Dr Lalan Wilfong Discusses Growth in Remote Monitoring, Future of Value-Based Cancer Care

Lalan Wilfong, MD, executive vice president, Value Based Care & Quality Programs, Texas Oncology, and cochair, Payment Reform, Community Oncology Alliance, speaks on the evolution of remote monitoring in cancer care and how value-based oncology may look in the near future.

Lalan Wilfong, MD, is the executive vice president of Value Based Care & Quality Programs at Texas Oncology and Payment Reform Cochair at the Community Oncology Alliance.

Transcript

In an effort to improve remote monitoring, Texas Oncology rolled out the Navigating Cancer management system back in 2019. Fast forward to now with the pandemic, how has the system fared and what goals do you have to continue growth in this field?

We rolled out the Navigating Cancer management system initially in order to help us manage our patient experience more effectively. What we found was patients were calling in for issues and we didn't have a good system in place to manage that, to monitor what was happening, and then to execute on those issues. There was a lot of variability in our practice around that.

So, we instituted that to help us identify and find ways to improve patient experience, especially as they were calling in with symptom-related calls, because we felt that was a significant issue causing hospitalizations and ED [emergency department] visits when patients would call in with a problem and we weren't addressing it in a timely fashion.

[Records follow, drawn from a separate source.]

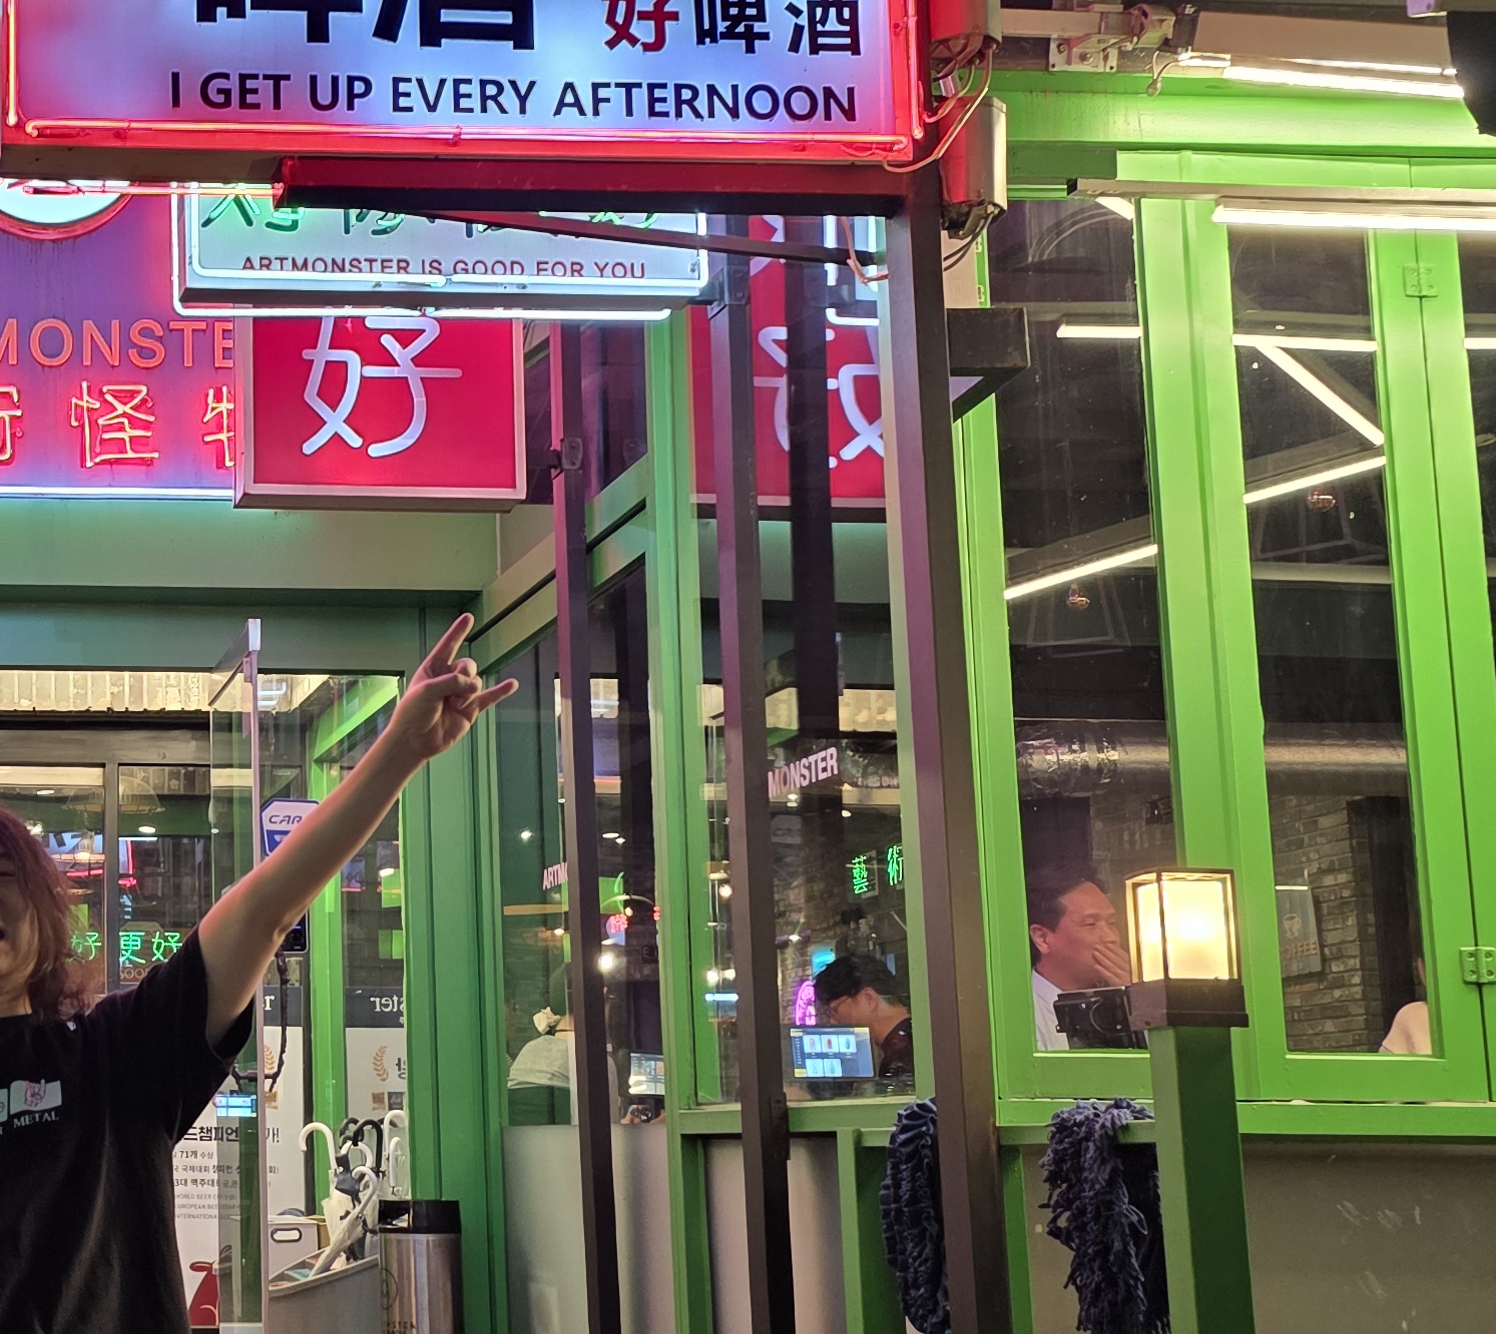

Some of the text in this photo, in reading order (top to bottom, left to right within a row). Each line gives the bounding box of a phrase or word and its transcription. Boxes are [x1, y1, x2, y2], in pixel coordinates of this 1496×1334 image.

[170, 71, 857, 123] I GET UP EVERY AFTERNOON
[241, 256, 645, 280] ARTMONSTER IS GOOD FOR YOU
[301, 307, 462, 458] 好
[767, 746, 839, 798] MONSTER
[13, 1112, 59, 1128] METAL

Fast forward to the pandemic, what that allowed us to do was be able to be flexible in management of that, meaning staff were able to work from home, we were able to have staff cover for each other much more fluidly by having an electronic system in place.

Then fast forward to doing remote patient monitoring with electronic patient-reported outcomes, which we've started initiating just this past year, to be able to have patients self-report symptoms, rather than having to call in, it’s an evolution in process. It takes time and effort, a practice change, to continue to improve that. So, I'm looking forward to seeing what we do the rest of this year and then moving forward.

As we grow closer to transitioning toward the Oncology Care First model, what are your thoughts on how value-based cancer care will look in the near future?

That’s a great question. I'm not sure exactly what value-based care will look like in the future. There's a lot of models out there, a lot of discussions about what it should look like. If anybody had the answer, we would know it by now, and so I think there's going to be a lot of continued evolution in this space, trying to figure out exactly what the best payment models are. How do we best collaborate with payers, practices, and patients to continually improve the value that we provide?

I think the current fee-for-service model is unsustainable, and we all know that with the cost increases, the price of drugs, and all the other challenges that we face, that we have to do this differently. It's going to be interesting to see how that evolves, because there are many different paths we can take. And I think it will be a series of continued evolutions to get to where we need to be.